Genie DNA Test – Gedmatch

One thing which my new cousin asked in one of her emails was whether I had uploaded my autosomal DNA results to Gedmatch.  I hadn’t, so I googled it to see what was involved.

As luck would have it, I picked a time when it wasn’t accepting new kits, but after a few days it was back and I registered.  I found myself in a ‘Log In Profile’ screen which I now know contains everything I need to use Gedmatch.  I found the section called ‘File Uploads’ and followed the instructions.  The trickiest bit (not really tricky) was downloading my raw data from FtDNA.  The option ‘Download Raw Data’ was on my matches page, but in there I had to choose between Build 36 and Build 37.  Gedmatch, however, very clearly told me to use Build 36 so I downloaded both the Build 36 Autosomal and the Build 36 X .  Then I uploaded one after the other.  It took at least fifteen minutes before the upload completed, a few times I was concerned that it had hung.  But it hadn’t!  Soon enough, the upload was finished.  I sat there on that screen for a while waiting for a button to appear to proceed, but it seems you just ‘x’ out of it, or use the back button to return to the previous screen.

Then was a waiting game as the uploaded data needed to be tokenized which took several days.  Finally it was done and I could run a ‘one to many’ matches compare, keeping the default to 7cM.

This is still fun.  I do it every few days now to see if anyone new has turned up.  New people have their kit number in green so once I had run it a few times I can easily see if there is someone else.  I really like Gedmatch for a few reasons.  One, everyone there has gone out of their way to upload their data and actively seek contact, so I feel much more comfortable about emailing them.  Two, it isn’t just people who have tested at FtDNA.  For an Australian this doesn’t mean as much since Ancestry won’t test Australians anyway and 23andMe are very expensive to use from overseas.  However, there are some cousins for me at both and there are also some smaller companies around the world whose customers just might upload their data.

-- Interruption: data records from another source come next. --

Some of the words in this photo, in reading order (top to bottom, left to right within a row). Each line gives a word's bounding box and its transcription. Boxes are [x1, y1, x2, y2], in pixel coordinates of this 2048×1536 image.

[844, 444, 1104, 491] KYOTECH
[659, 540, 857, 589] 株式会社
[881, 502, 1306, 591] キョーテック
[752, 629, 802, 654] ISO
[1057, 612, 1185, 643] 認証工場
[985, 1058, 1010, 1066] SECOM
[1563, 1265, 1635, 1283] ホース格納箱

I also find their presentation very easy to understand.  I’m fond of lists stripped of bells and whistles. Just plain text without unnecessary line spacing, a sea of letters which I can speed-scan for relevant details.  I found it quite intuitive.  \

The first column is a list of kit IDs and you can tell by the first letter which company they tested at.  While your uploaded kit is new, every kit ID is highlighted bright green.  As the weeks pass the green fades until after a month they are all white.  The second column (type) I have never used.  The third column is ‘L’ for list and by clicking this you get a list of that person’s matches in a new window.  This can be useful for seeing how close an in-common match is to that match of yours.

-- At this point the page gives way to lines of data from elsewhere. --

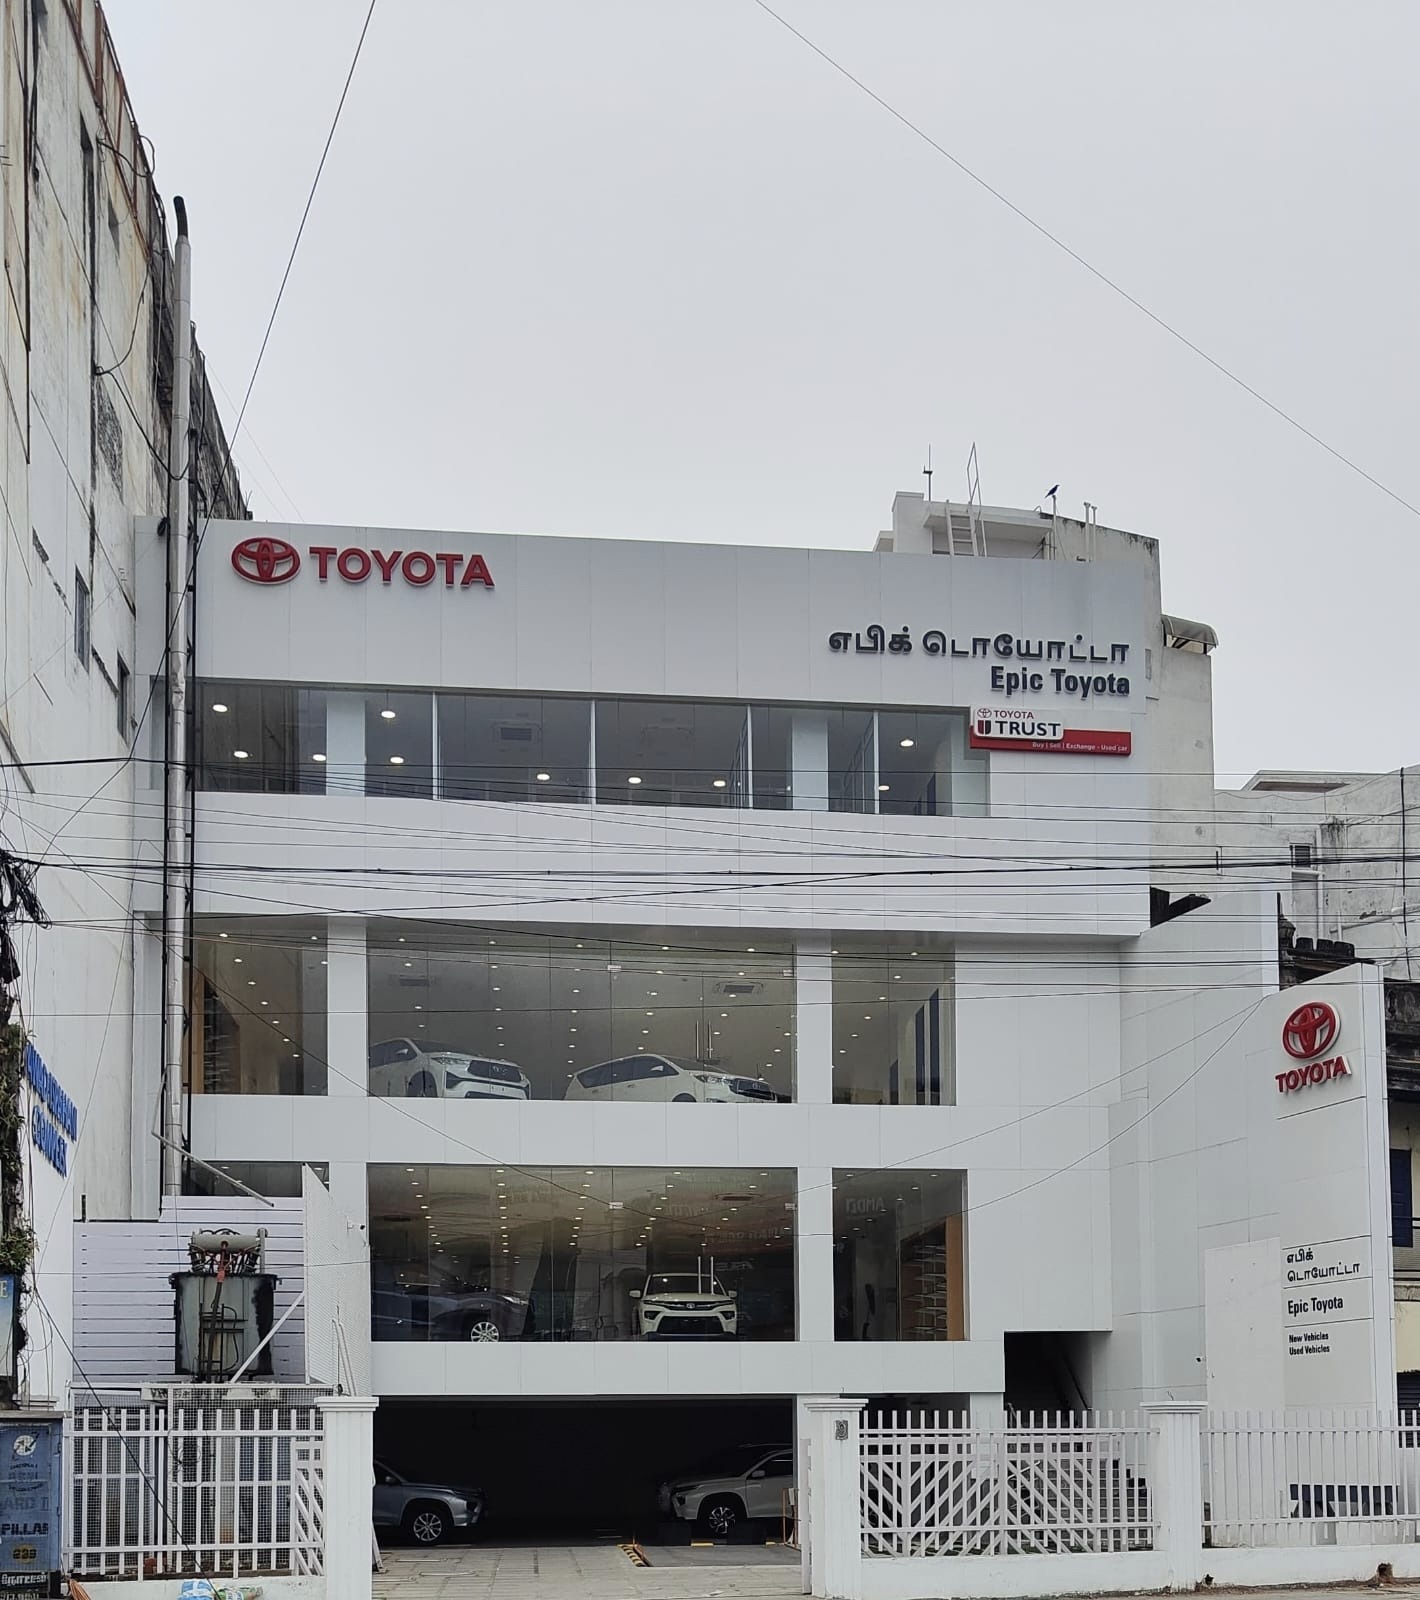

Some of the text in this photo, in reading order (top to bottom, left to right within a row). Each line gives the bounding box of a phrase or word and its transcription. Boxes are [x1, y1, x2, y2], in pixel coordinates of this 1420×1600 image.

[308, 546, 495, 588] TOYOTA
[828, 624, 1130, 663] எபிக் டொயோட்டா
[990, 665, 1130, 699] Epic Toyota
[993, 710, 1035, 719] TOYOTA
[995, 721, 1061, 737] TRUST
[1275, 1056, 1348, 1093] TOYOTA
[1286, 1248, 1314, 1263] எபிக்
[1287, 1261, 1361, 1282] டொயோட்டா
[1287, 1297, 1344, 1317] Epic Toyota
[1288, 1331, 1329, 1343] New Vehicles
[1289, 1344, 1330, 1356] Used Vehicles

The fourth column is a selection check box, the fifth is gender, the sixth and seventh are the Mt and Y Haplogroup, if provided.

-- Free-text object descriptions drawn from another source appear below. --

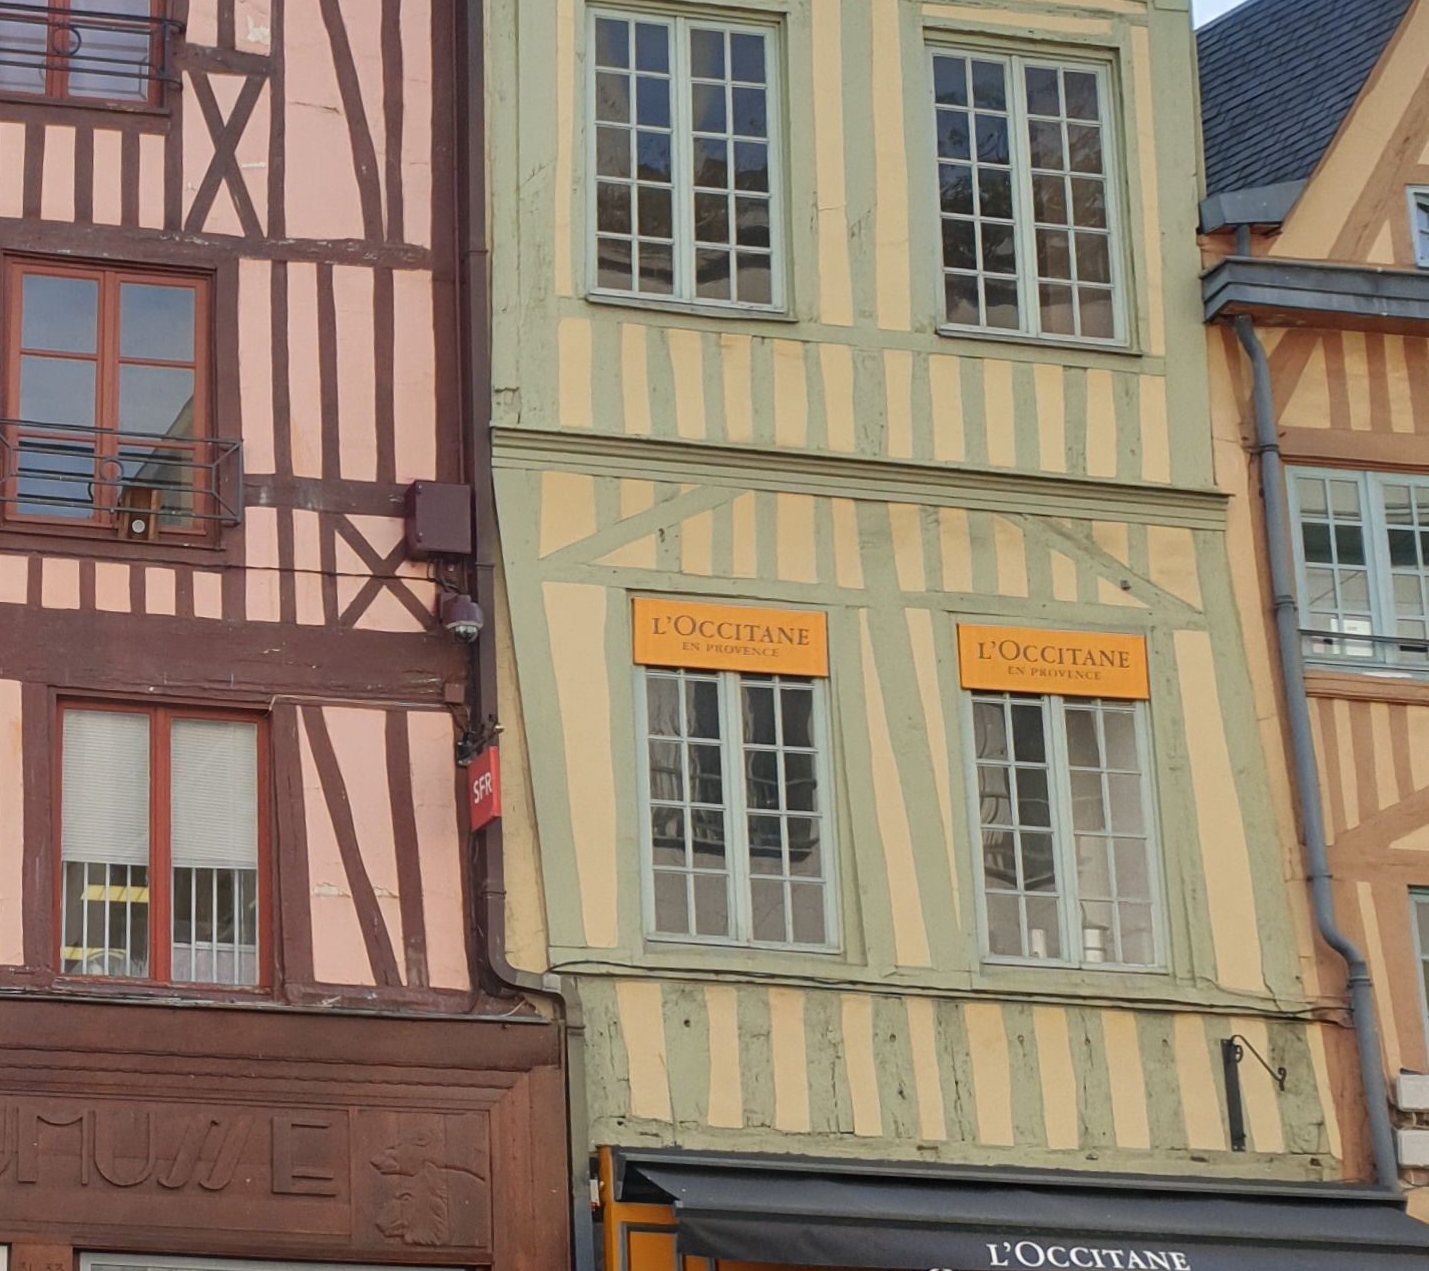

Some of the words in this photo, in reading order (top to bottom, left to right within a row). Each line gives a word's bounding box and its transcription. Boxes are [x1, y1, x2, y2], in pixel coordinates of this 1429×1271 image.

[682, 642, 700, 652] EN
[706, 644, 780, 658] PROVENCE
[1007, 666, 1025, 676] EN
[1031, 668, 1102, 681] PROVENCE
[473, 771, 493, 805] SFR
[986, 1241, 1191, 1271] L'OCCITANE

One of the first things I did was search this column for others of my mt Haplogroup and came up with no exacts, one H2a2a and one H2a2. This is from a list showing 1,500 matches of whom about a quarter have MT tested.   I was just curious.

The next column, ‘Details’ has an A which is a link.  This does a one-to-one compare with that kit to show which chromosomes the match is in.  This is fun.  I generally select the option to show graphics because I like to see what might be hidden – where we absolutely don’t match, where we nearly match, whether there are a thousand little fragmented matches which might add to the total match length but not be relevant.  However, the non-graphical version gives the salient details.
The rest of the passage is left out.